My research contribution concerns climate/biogeochemical cycle feedbacks, via the study of the evolution of the atmospheric composition of greenhouse gases (GHGs) using ice cores and the interstitial air of the polar snowpack, but also via the study of GHGs in aquatic environments (oceans, lakes).
I have been able to reconstruct temporal trends in the mixing ratio and some isotopic ratios of the GHGs methane (CH4), carbon dioxide (CO2), nitrous oxide (N2O), ozone (O3) and some organo-halogen compounds, but also of carbon monoxide (CO) which plays an essential role in atmospheric chemistry. My focal points have been both the Quaternary era and the industrial period. In another field of study, I have explored the past state and dynamics of the climate system by estimating the evolution of past temperatures and accumulations in Antarctica or by assessing the phase relationships between polar climate and GHG evolution. In recent years, I have been involved in the field of aquatic instrumentation and the study of biogeochemical processes in oceanic or lacustrine environments through in-situ and high-resolution analysis of dissolved gases.

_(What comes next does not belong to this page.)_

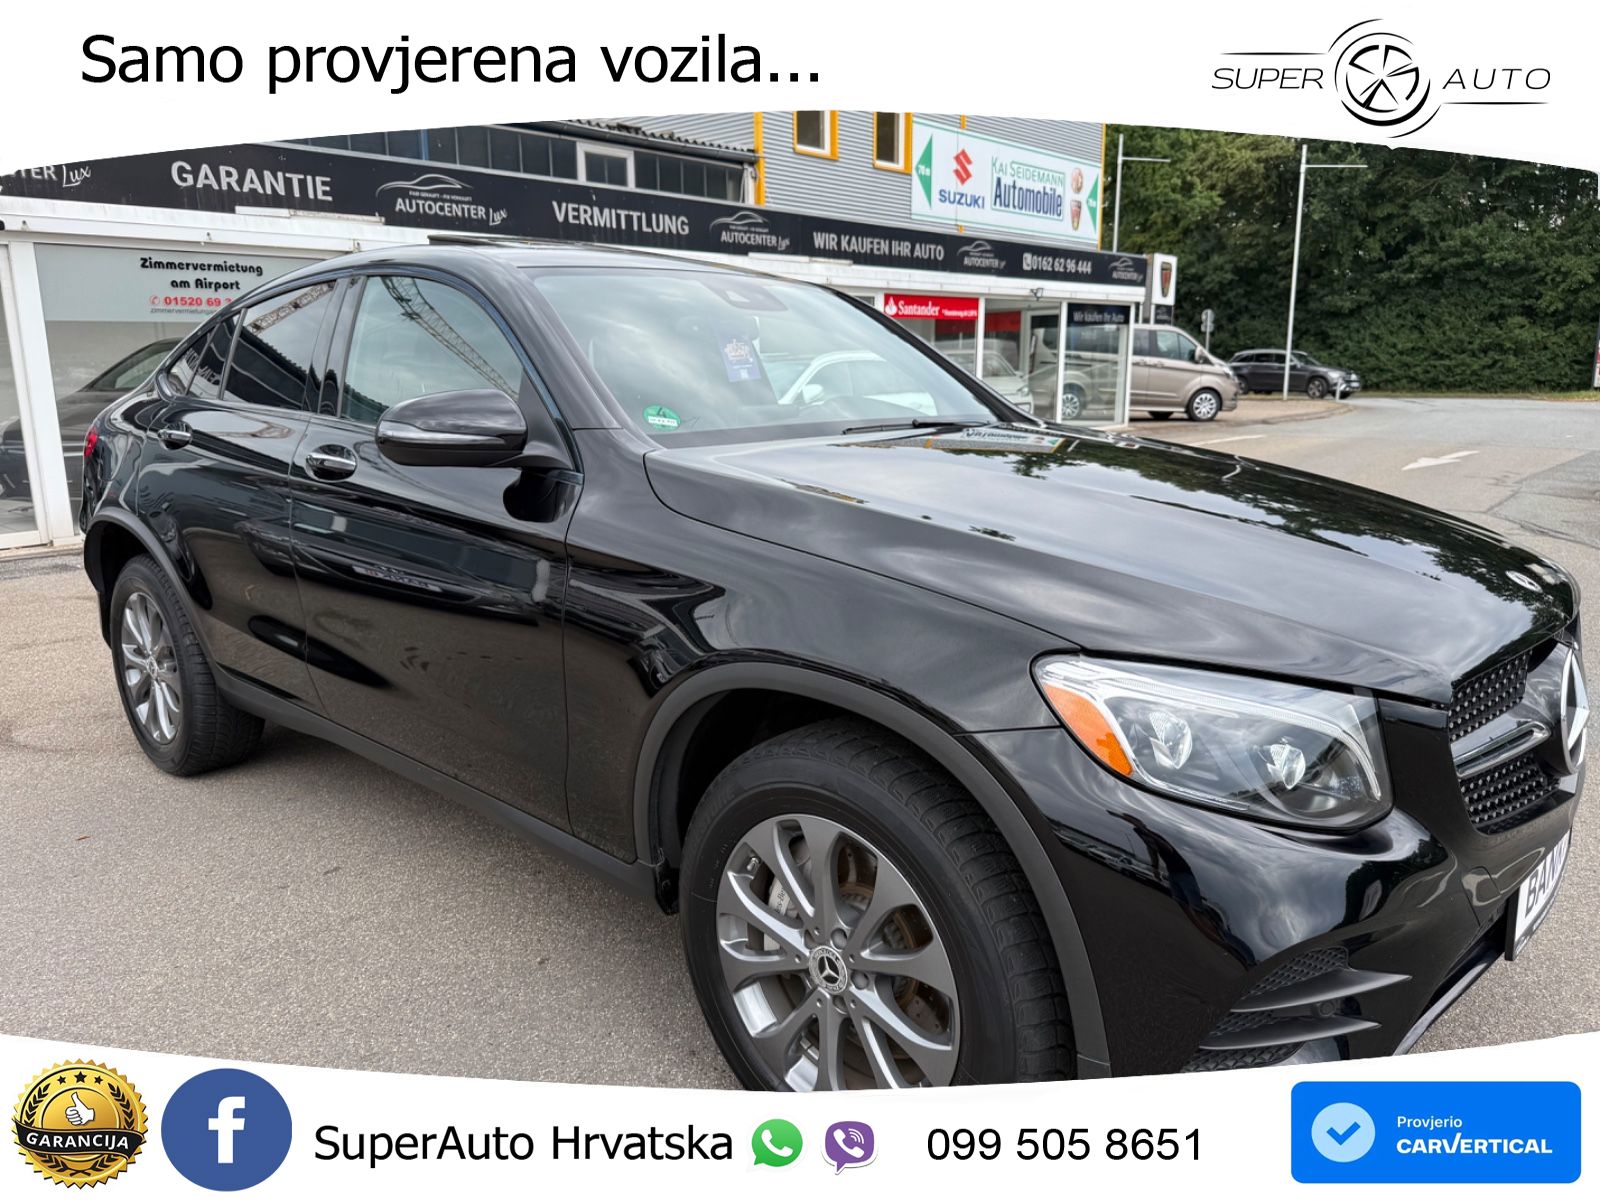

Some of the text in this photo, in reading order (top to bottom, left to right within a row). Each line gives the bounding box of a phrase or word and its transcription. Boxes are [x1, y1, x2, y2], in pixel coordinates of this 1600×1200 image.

The most important advances that can be retained from this work can be summarised as follows
- The pioneering reconstruction of GHGs in the atmosphere extended to the last 800,000 years, demonstrating the importance of the recent anthropogenic impact, the strong coupling between climate and CH4 at orbital periodicity, and the major role of low-latitude sources in its natural balance;
- The quantification of the dynamics of rapid climate events during an ice age, including the identification of their global extent, and the first demonstration that they involve a bipolar energy shift;
- Firsts’ in the study of GHG and CO isotope ratios in nevé and ice, leading to important biogeochemical conclusions: Identification of anthropogenic sources responsible for the recent increase in CH4 (carbon isotope) and N2O (oxygen and nitrogen isotope); Evidence of a major role of the deep ocean in the glacial-interglacial evolution of CO2 (carbon isotope); revealing a temporal modulation of biomass fires in the Southern Hemisphere by a factor of two between 1600 and 1900 (carbon and oxygen isotope of CO); demonstrating that ozone in the troposphere has increased by less than 40% since the pre-industrial period (a double-substituted isotope of oxygen).
- The methodological revolution brought by the application of OF-CEAS laser spectrometry to the analysis of gases in ice and in oceans and lakes: ERC Advanced Grant project and the innovative in-situ probe SUBGLACIOR, filing of a CNRS patent for the oceanographic derivative of this probe (SUBOCEAN); SATT and ERC Proof of Concept projects to design other oceanographic instruments and progress towards their industrialization; application leading to a major revision of methane fluxes at the sediment-ocean interface in the Fram Strait.
Most of my time from 2018 to 2022 was spent as Director of the French Polar Institute Paul-Emile Victor (IPEV), in charge of selecting and then operationally supporting French research projects in the polar regions. I was also in charge of polar affairs at the CNRS’s Directorate General for Science.
Since July 2021, I have been President of the Ice Memory Foundation, which aims to create an international sanctuary of glacier samples condemned to disappear due to climate change, stored in Antarctica for future generations of researchers.